Improve proof of a cursed lemma

Thanks to Brian Conrad
http://stacks.math.columbia.edu/tag/08JZ#comment-1951

algebra.tex

@@ -33229,16 +33229,16 @@ \section{The naive cotangent complex}
 \item $J/J^2 = (I/I^2)_g \oplus B_g (f x - 1)$,
 \item $\Omega_{P[x]/A} \otimes_{P[x]} B_g =
 \Omega_{P/A} \otimes_P B_g \oplus B_g \text{d}x$,
-\item $\NL(\beta) = \NL(\alpha) \otimes_B B_g \oplus (B_g \xrightarrow{g} B_g)$
+\item $\NL(\beta) \cong
+\NL(\alpha) \otimes_B B_g \oplus (B_g \xrightarrow{g} B_g)$
 \end{enumerate}
 Hence the canonical map $\NL_{B/A} \otimes_B B_g \to \NL_{B_g/A}$
 is a homotopy equivalence.
 \end{lemma}
 
 \begin{proof}
 Since $P[x]/(I, fx - 1) = B[x]/(gx - 1) = B_g$ we get the statement about
-$I$ and $fx - 1$ generating $J$. To prove the other statements one can
-use the commutative diagram
+$I$ and $fx - 1$ generating $J$. Consider the commutative diagram
 $$
 \xymatrix{
 0 \ar[r] &
@@ -33249,18 +33249,51 @@ \section{The naive cotangent complex}
 &
 (I/I^2)_g \ar[r] \ar[u] &
 J/J^2 \ar[r] \ar[u] &
-(fx - 1)/(fx - 1)^2 \ar[r] \ar[u] &
+(gx - 1)/(gx - 1)^2 \ar[r] \ar[u] &
 0
 }
 $$
-with exact rows of Lemma \ref{lemma-exact-sequence-NL}. Then the only
-question left over is: why is $(I/I^2)_g \to J/J^2$ injective?
-It is enough to show that $\alpha ( I \cap J^2)=0$ where
-$\alpha : I \to I_f/I_f^2$ is the canonical map.

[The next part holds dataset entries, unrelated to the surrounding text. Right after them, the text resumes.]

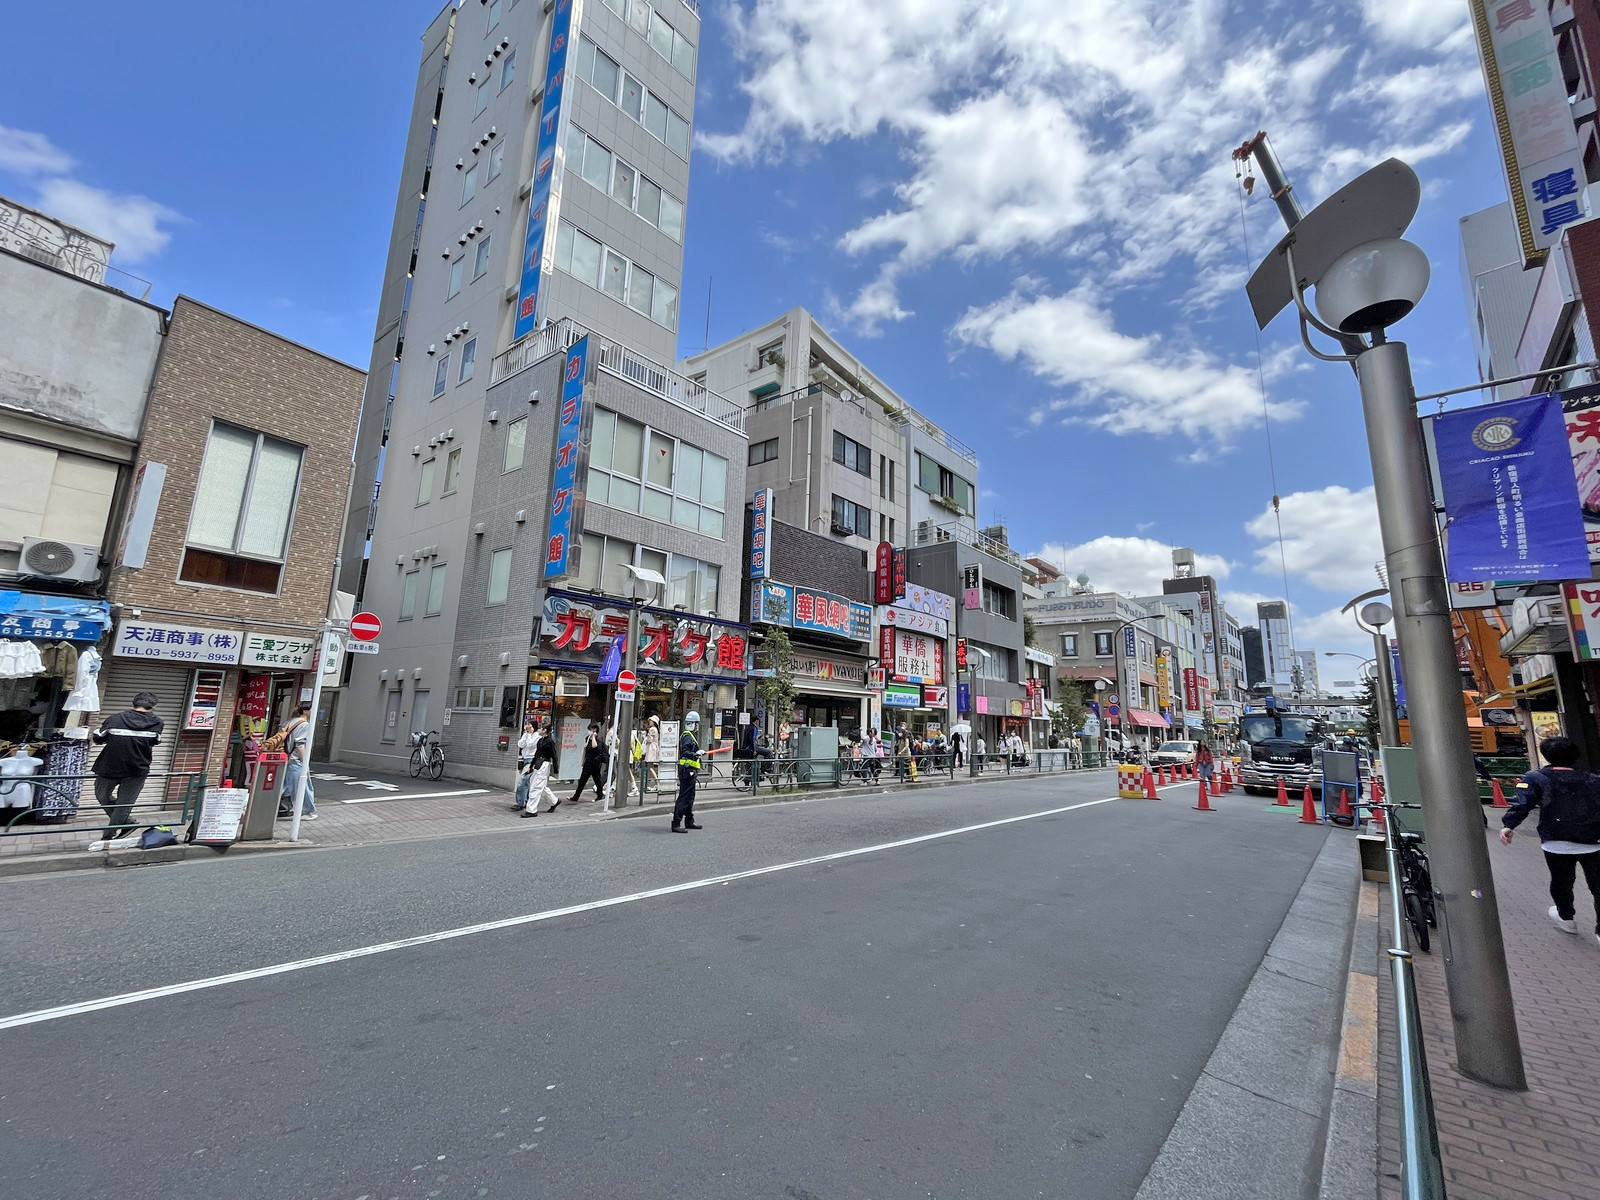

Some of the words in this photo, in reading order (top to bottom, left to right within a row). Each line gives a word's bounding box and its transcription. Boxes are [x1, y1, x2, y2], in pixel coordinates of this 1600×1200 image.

[1531, 168, 1585, 236] 寝具
[547, 355, 581, 563] カラオケ館
[1469, 456, 1501, 465] CRIACAO
[1502, 451, 1535, 460] SHINJUKU
[753, 493, 766, 569] 華風網吧
[796, 592, 850, 632] 華風網吧
[2, 627, 75, 639] 66-5555
[124, 626, 239, 649] 天涯商事(株)
[248, 637, 313, 654] 三愛プラザ
[326, 634, 339, 667] 動産
[902, 634, 927, 658] 華僑
[255, 653, 303, 665] 株式会社
[899, 655, 931, 677] 服務社
[893, 694, 919, 705] FamilyMart

-So consider the extension of $\alpha$ to the $P$-algebra map
-$\pi : P[x] \to P_f/I_f^2$ given by $\pi(x) = 1/f$, and
-note that $\pi(J^2) = \pi(J)^2 = \pi(I[x])^2 = 0$, since
-$\pi(fx - 1) = 0$ implies $\pi(J) = \pi(I[x])$.
+with exact rows of Lemma \ref{lemma-exact-sequence-NL}.

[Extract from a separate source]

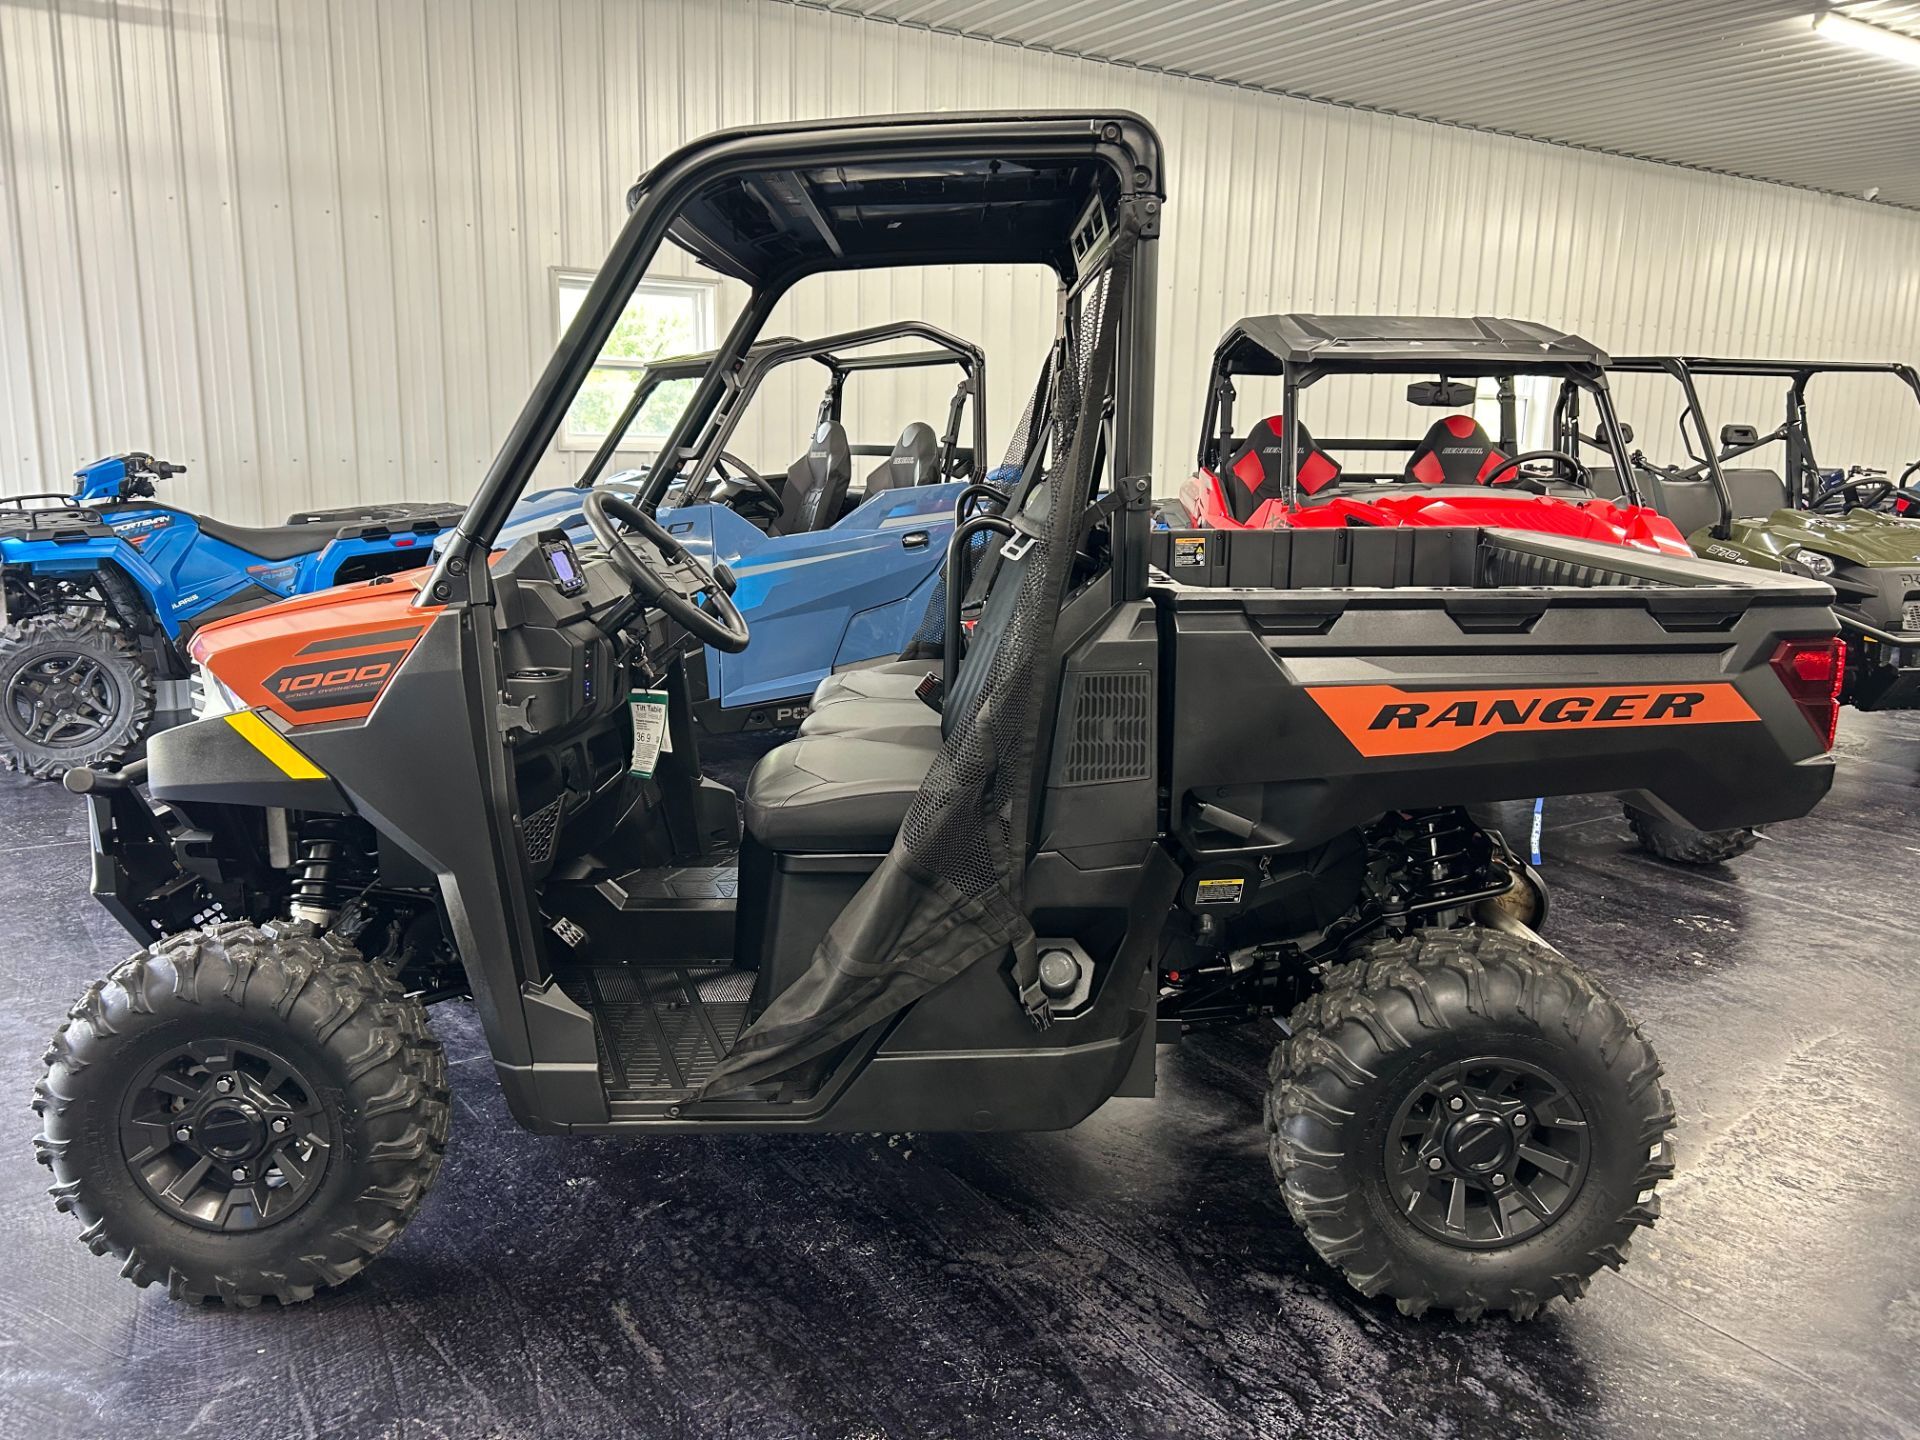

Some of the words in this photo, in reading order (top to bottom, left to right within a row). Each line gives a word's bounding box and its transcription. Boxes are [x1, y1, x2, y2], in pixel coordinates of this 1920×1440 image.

[1706, 544, 1741, 560] 570
[278, 663, 391, 693] 1000
[1367, 692, 1705, 730] RANGER

+The $B_g$-module $\Omega_{B[x]/B} \otimes B_g$ is free of
+rank $1$ on $\text{d}x$. The element $\text{d}x$ in the
+$B_g$-module $\Omega_{P[x]/A} \otimes B_g$ provides
+a splitting for the top row. The element $gx - 1 \in (gx - 1)/(gx - 1)^2$
+is mapped to $g\text{d}x$ in $\Omega_{B[x]/B} \otimes B_g$
+and hence $(gx - 1)/(gx - 1)^2$ is free of rank $1$ over $B_g$.
+(This can also be seen by arguing that $gx - 1$ is a nonzerodivisor
+in $B[x]$ because it is a polynomial with invertible constant term
+and any nonzerodivisor gives a quasi-regular sequence of length $1$
+by Lemma \ref{lemma-regular-quasi-regular}.)
+
+\medskip\noindent
+Let us prove $(I/I^2)_g \to J/J^2$ injective. Consider the $P$-algebra map
+$$
+\pi : P[x] \to (P/I^2)_f = P_f/I_f^2
+$$
+sending $x$ to $1/f$. Since $J$ is generated by $I$ and $fx - 1$
+we see that $\pi(J) \subset (I/I^2)_f = (I/I^2)_g$. Since this
+is an ideal of square zero we see that $\pi(J^2) = 0$.
+If $a \in I$ maps to an element of $J^2$ in $J$, then
+$\pi(a) = 0$, which implies that $a$ maps to zero in $I_f/I_f^2$.
+This proves the desired injectivity.
+
+\medskip\noindent
+Thus we have a short exact sequence of two term complexes
+$$
+0 \to \NL(\alpha) \otimes_B B_g \to \NL(\beta)
+\to (B_g \xrightarrow{g} B_g) \to 0
+$$
+Such a short exact sequence can always be split in the category of
+complexes. In our particular case we can take as splittings
+$$
+J/J^2 = (I/I^2)_g \oplus B_g (fx - 1)\quad\text{and}\quad
+\Omega_{P[x]/A} \otimes B_g = \Omega_{P/A} \otimes B_g \oplus
+B_g (g^{-2}\text{d}f + \text{d}x)
+$$
+This works because
+$\text{d}(fx - 1) = x\text{d}f + f \text{d}x =
+g(g^{-2}\text{d}f + \text{d}x)$
+in $\Omega_{P[x]/A} \otimes B_g$.
 \end{proof}
 
 \begin{lemma}